▶ _Goal of the exercise_
Restate the records below exactly. Pictures are not part of the copy.

#### Input data ####

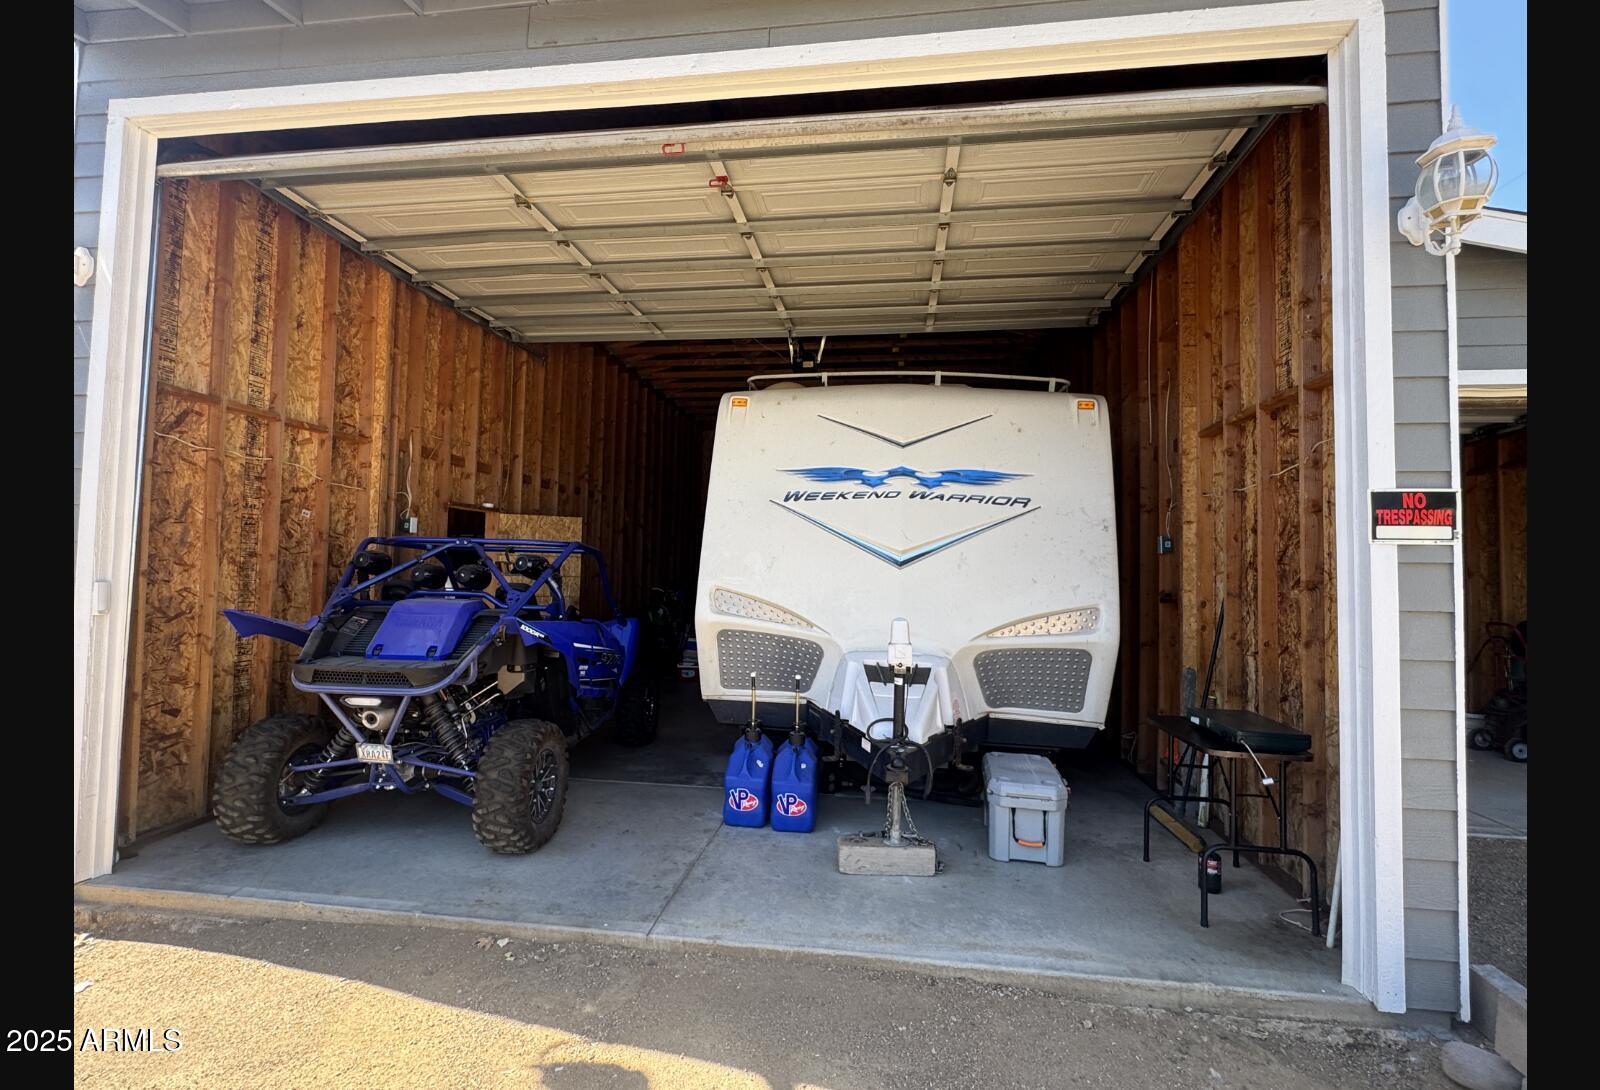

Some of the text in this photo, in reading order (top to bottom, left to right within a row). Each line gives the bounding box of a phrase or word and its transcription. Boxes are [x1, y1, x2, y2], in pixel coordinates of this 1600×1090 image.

[783, 489, 1032, 508] WEEKEND WARRIOR
[1402, 493, 1426, 508] NO
[1376, 509, 1453, 525] TRESPASSING
[729, 788, 750, 811] VP
[777, 793, 798, 816] VP
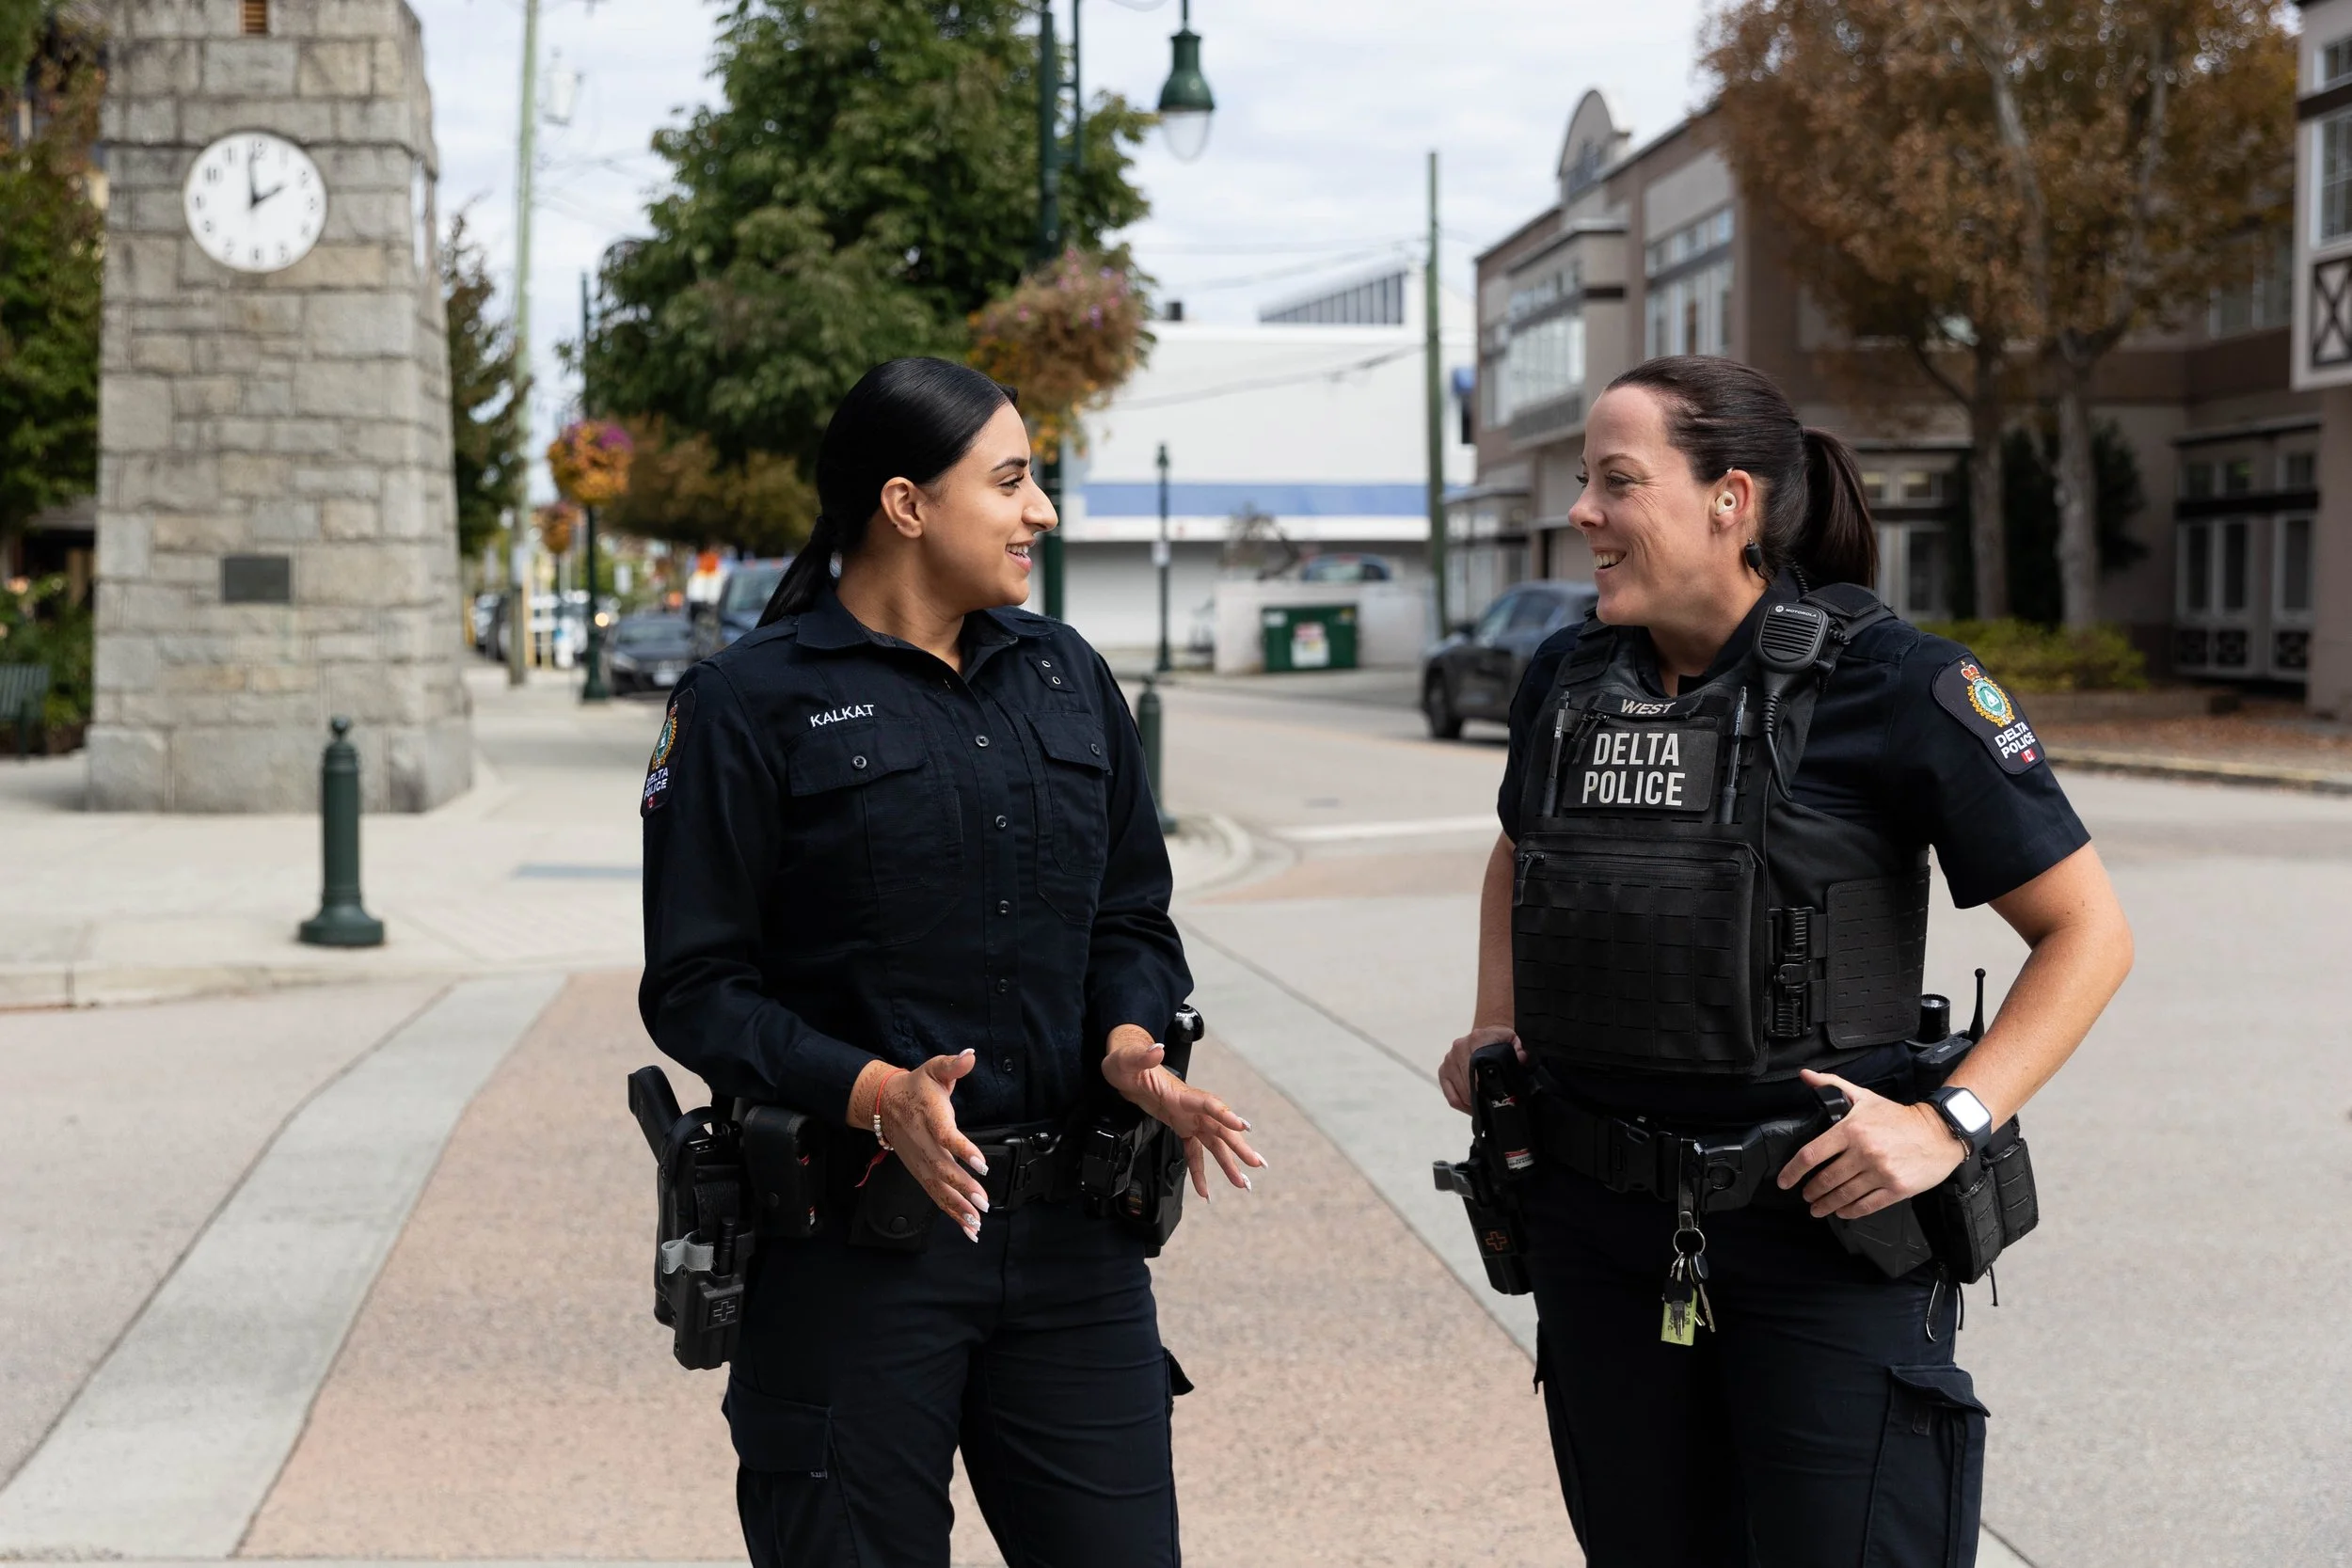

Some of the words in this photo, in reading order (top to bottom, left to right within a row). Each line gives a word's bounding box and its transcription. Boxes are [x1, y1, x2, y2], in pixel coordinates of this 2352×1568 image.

[1785, 609, 1817, 617] MOTOROLA
[810, 704, 874, 727] KALKAT
[1620, 698, 1677, 715] WEST
[1994, 721, 2029, 748] DELTA
[2000, 731, 2036, 759] POLICE
[1592, 733, 1679, 766] DELTA
[1581, 770, 1686, 806] POLICE

####

▶ _Exercise solution_
Some of the text in this photo, in reading order (top to bottom, left to right within a row). Each line gives the bounding box of a phrase or word and its transcription. Boxes are [x1, y1, x2, y2], in pixel coordinates of this 1600×1090 image.

[783, 489, 1032, 508] WEEKEND WARRIOR
[1402, 493, 1426, 508] NO
[1376, 509, 1453, 525] TRESPASSING
[729, 788, 750, 811] VP
[777, 793, 798, 816] VP

Some of the words in this photo, in reading order (top to bottom, left to right within a row). Each line gives a word's bounding box and its transcription. Boxes are [x1, y1, x2, y2], in pixel coordinates of this 2352×1568 image.

[1785, 609, 1817, 617] MOTOROLA
[810, 704, 874, 727] KALKAT
[1620, 698, 1677, 715] WEST
[1994, 721, 2029, 748] DELTA
[2000, 731, 2036, 759] POLICE
[1592, 733, 1679, 766] DELTA
[1581, 770, 1686, 806] POLICE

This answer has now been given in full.